2. DEVELOPMENT - TIMELINE
| Week of Gestation | Event |
|---|
| Week 4 | Neural crest cells migrate craniocaudally; branchial arches begin to form |
| Week 4-5 | All six arches become apparent; pouches and clefts develop simultaneously |
| Week 5 | Fifth arch obliterates almost immediately after appearing |
| Weeks 3-8 | Entire branchial apparatus development extends across this period |
Development begins during the 4th week of embryonic life, when neural crest cells migrate to the future head and neck region. Within one week, four oblique ridges (first through fourth pharyngeal arches) form at the level of the cranial foregut. Externally, these are separated by four deep grooves called pharyngeal clefts (ectodermal); internally, their counterparts are pharyngeal pouches (endodermal).
3. STRUCTURAL COMPONENTS OF EACH ARCH
Each branchial arch consists of four key components:
- A bar of cartilage (skeletal element) - forms bone, cartilage, or connective tissue
- Musculature (derived from mesoderm of the arch)
- An associated aortic arch artery
- A cranial nerve - the "post-trematic nerve" of that arch; additionally, a "pre-trematic nerve" from the arch below supplies the inner endodermal surface of the arch above
Covering layers:
- External surface covered by ectoderm
- Internal surface lined by endoderm
- Core is mesodermal (pharyngeal arch musculature)
4. SCHEMATIC DIAGRAM OF THE BRANCHIAL APPARATUS
Fig. 1 - Schematic diagram of the branchial apparatus in utero. Left: clefts (ectoderm, external) and pouches (endoderm, internal) numbered 1-4 (with pouch 5).

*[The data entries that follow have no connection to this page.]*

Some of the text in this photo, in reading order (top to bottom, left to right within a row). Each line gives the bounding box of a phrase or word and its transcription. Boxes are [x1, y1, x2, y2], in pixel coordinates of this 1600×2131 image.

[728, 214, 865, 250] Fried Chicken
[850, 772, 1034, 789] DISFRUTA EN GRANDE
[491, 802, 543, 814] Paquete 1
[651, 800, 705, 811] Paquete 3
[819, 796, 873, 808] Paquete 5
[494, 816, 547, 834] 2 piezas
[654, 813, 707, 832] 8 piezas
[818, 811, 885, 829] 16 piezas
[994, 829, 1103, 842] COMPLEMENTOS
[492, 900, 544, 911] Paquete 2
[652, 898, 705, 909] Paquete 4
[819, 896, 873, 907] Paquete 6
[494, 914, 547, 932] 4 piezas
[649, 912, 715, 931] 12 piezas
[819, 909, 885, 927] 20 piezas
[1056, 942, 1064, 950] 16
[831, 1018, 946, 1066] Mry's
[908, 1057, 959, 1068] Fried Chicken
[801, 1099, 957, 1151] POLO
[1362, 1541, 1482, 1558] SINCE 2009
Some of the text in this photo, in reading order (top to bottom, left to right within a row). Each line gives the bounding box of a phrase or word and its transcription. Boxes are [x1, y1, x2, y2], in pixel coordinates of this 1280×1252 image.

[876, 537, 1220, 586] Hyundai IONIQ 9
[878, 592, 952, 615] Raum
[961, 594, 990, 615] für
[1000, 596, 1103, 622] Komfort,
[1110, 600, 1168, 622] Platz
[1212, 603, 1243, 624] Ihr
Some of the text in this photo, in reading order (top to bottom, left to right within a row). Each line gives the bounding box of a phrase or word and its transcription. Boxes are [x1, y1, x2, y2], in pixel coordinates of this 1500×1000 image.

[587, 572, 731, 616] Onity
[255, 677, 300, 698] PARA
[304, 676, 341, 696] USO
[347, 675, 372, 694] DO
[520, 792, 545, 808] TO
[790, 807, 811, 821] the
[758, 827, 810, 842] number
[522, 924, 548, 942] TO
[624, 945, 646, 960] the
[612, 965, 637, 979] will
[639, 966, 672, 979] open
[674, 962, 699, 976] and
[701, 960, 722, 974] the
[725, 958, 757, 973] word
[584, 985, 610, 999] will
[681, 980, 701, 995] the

Right: formation of the cervical sinus as arch II overgrows arches III and IV. (Scott-Brown's Otorhinolaryngology)
Fig. 2 - Frontal view of the pharyngeal arches showing components of each arch: nerve, aortic arch, skeletal element, and mesenchyme. (THIEME Atlas of Anatomy)
5. THE BRANCHIAL ARCHES - INDIVIDUAL DERIVATIVES
Fig. 3 - Derivatives of pharyngeal arches: (a) embryonic arch arrangement, (b) nerve distribution, (c) muscular derivatives, (d) skeletal and ligamentous derivatives. (THIEME Atlas of Anatomy)
Arch I - Mandibular Arch (First Pharyngeal Arch)
Nerve: CN V - Trigeminal nerve (mandibular division for motor; all three divisions for sensory)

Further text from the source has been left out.